**Spatial localization data:**
- - - -

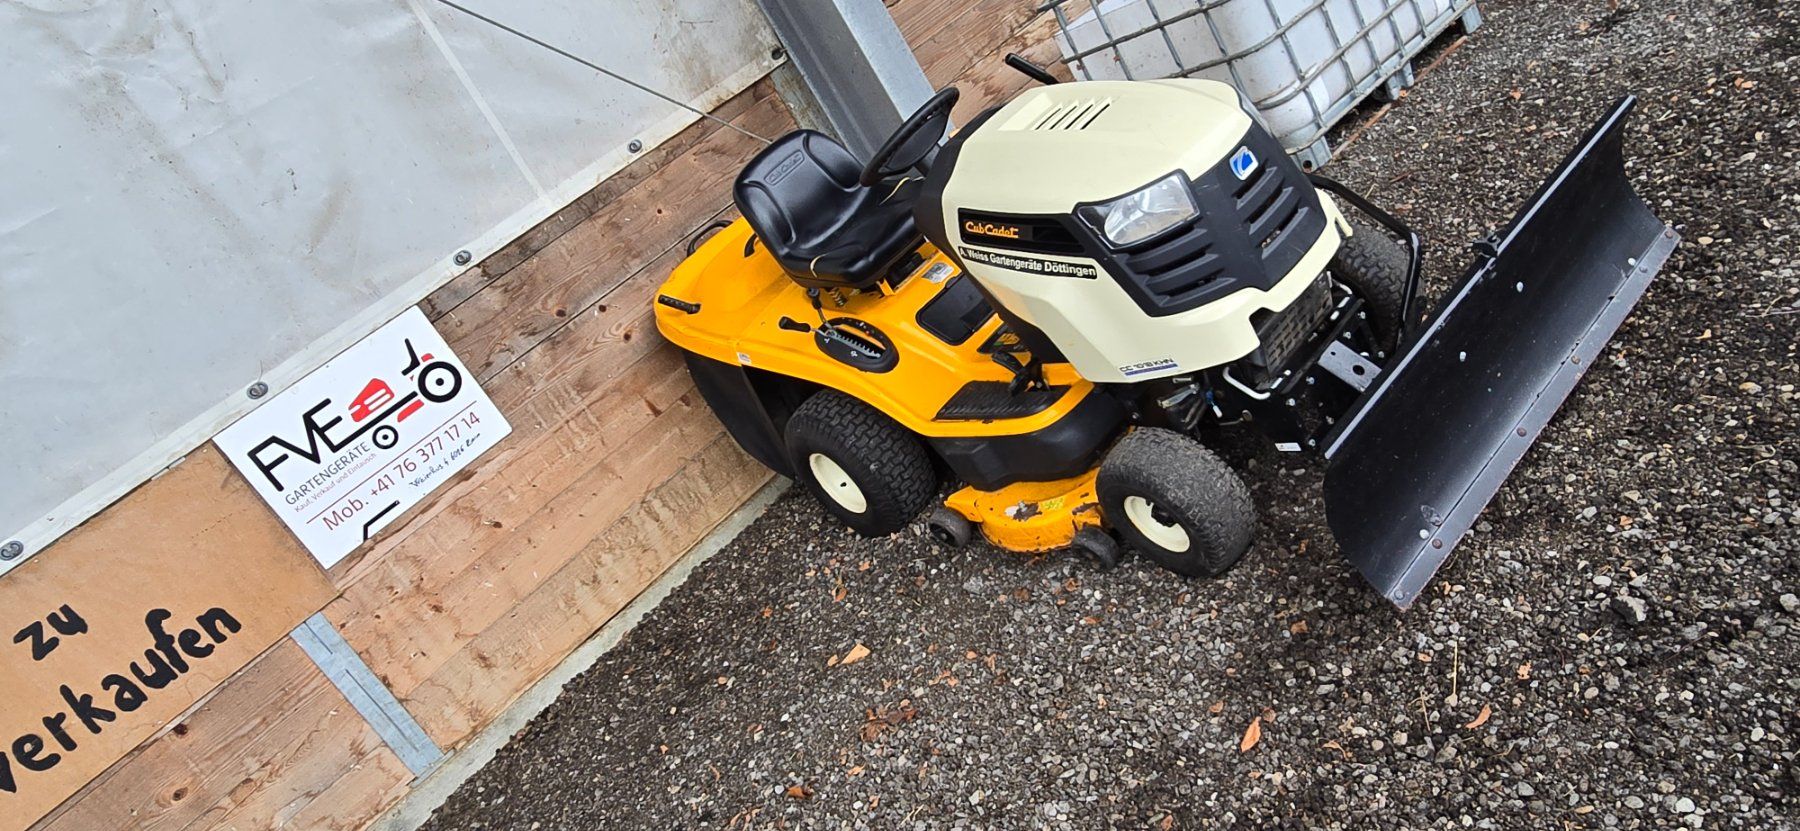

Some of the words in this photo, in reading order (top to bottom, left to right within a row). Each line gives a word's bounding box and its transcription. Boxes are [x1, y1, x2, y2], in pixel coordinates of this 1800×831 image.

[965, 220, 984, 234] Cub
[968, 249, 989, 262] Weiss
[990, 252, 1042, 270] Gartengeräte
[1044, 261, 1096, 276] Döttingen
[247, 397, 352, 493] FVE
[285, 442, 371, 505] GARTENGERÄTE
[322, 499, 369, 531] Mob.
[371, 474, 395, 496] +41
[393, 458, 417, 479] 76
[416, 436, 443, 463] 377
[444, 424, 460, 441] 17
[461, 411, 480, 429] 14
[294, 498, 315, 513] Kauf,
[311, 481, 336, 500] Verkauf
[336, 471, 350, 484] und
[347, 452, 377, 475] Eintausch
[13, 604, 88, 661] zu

- - - -

**Exercise directions:** Write out again every line above exactly as given; the pictures do not belong in the copy.

**Your solution:**
Some of the words in this photo, in reading order (top to bottom, left to right within a row). Each line gives a word's bounding box and its transcription. Boxes are [x1, y1, x2, y2], in pixel coordinates of this 1800×831 image.

[965, 220, 984, 234] Cub
[968, 249, 989, 262] Weiss
[990, 252, 1042, 270] Gartengeräte
[1044, 261, 1096, 276] Döttingen
[247, 397, 352, 493] FVE
[285, 442, 371, 505] GARTENGERÄTE
[322, 499, 369, 531] Mob.
[371, 474, 395, 496] +41
[393, 458, 417, 479] 76
[416, 436, 443, 463] 377
[444, 424, 460, 441] 17
[461, 411, 480, 429] 14
[294, 498, 315, 513] Kauf,
[311, 481, 336, 500] Verkauf
[336, 471, 350, 484] und
[347, 452, 377, 475] Eintausch
[13, 604, 88, 661] zu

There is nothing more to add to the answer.